Much like labelmate Brant Bjork, New York State stoners Geezer exist purely to service the groove. Groovy, their self-explanatory fourth long-player rarely, if ever gets out of third gear yet is possessed of its own woozy momentum – that’ll be the groove, then – ensuring that everything keeps moving at a slack-jawed, beatific amble around the darker recesses of the band’s chemically-refreshed collective brain.

It’s an overwhelmingly pleasant feeling, going along for the ride, although, closing doom rock extravaganza Black Owl aside, there probably isn’t quite enough variety among the songs to make this a truly compelling wig-out experience.

Pat Harrington’s voice is at the centre of things, a weary, lived-in croak that sometimes rises to a croon and, even less frequently, a roar. He plays lead guitar too, with a bluesy, slowhanded panache that is rather good in an understated kinda way. Like his two compadres, bassist Richie Touseull and drummer Steve Markota, you get the feeling that Harrington doesn’t really reveal his full hand until that blazing album closer, preferring to keep things loose and unassuming through nice stoner workouts like Atlas Electra and Dead Soul Scroll. It’s all good stuff, but you do sometimes wish the guys would sometimes just put the spliffs down and get a bit busy a little more often.
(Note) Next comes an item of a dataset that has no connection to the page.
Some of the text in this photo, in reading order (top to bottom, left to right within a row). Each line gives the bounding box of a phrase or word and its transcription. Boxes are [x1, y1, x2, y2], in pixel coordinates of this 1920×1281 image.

Still, that’s not really the stoner aesthetic I guess, and other hard rock albums are available if it’s a neck muscle workout you’re craving. Geezer prefer to massage rather than pummel, although riffy opener Dig, with it’s propulsive cowbell and catchy refrain will probably get them out of their seats at the local Darby and Joan if it gets an airing, as would the title track, where Harrington plays probably his fastest-fingered solo on the album.
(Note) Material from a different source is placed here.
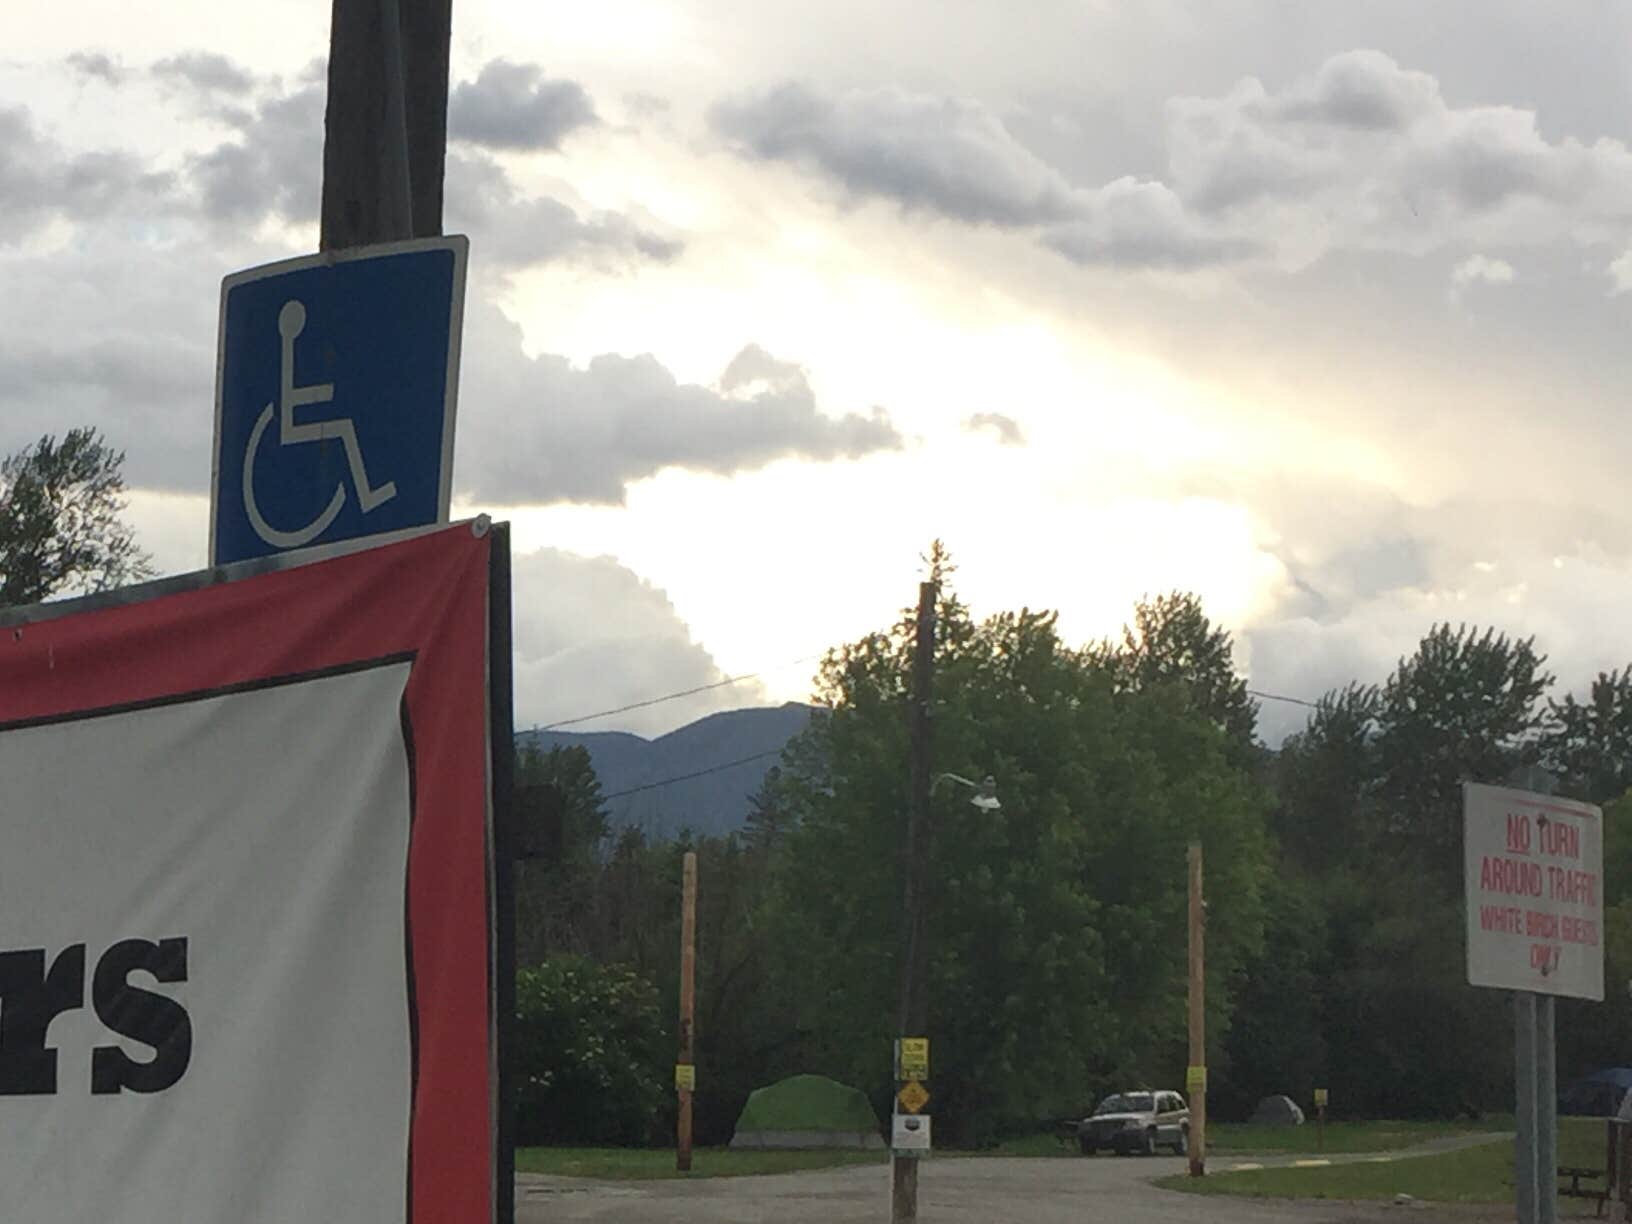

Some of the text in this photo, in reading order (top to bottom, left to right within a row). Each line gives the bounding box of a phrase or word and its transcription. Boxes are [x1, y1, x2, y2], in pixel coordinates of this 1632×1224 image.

[1506, 813, 1580, 859] NO TURN
[1480, 855, 1543, 897] AROUND
[1480, 905, 1523, 935] WHITE
What Geezer do do, and do very well despite their name, is provide an alternative to the armada of bands who think this kind of music is merely an excuse to break out the regurgitated Sabbath playbook. Even if they are a little too soporific at times for this reviewer’s taste, Geezer are never less than classy, and if the concept of hard rock as a late night, easy-listening palliative to the woes of the modern world sounds appealing to you, then every single track on this album will be a solid-gold hit.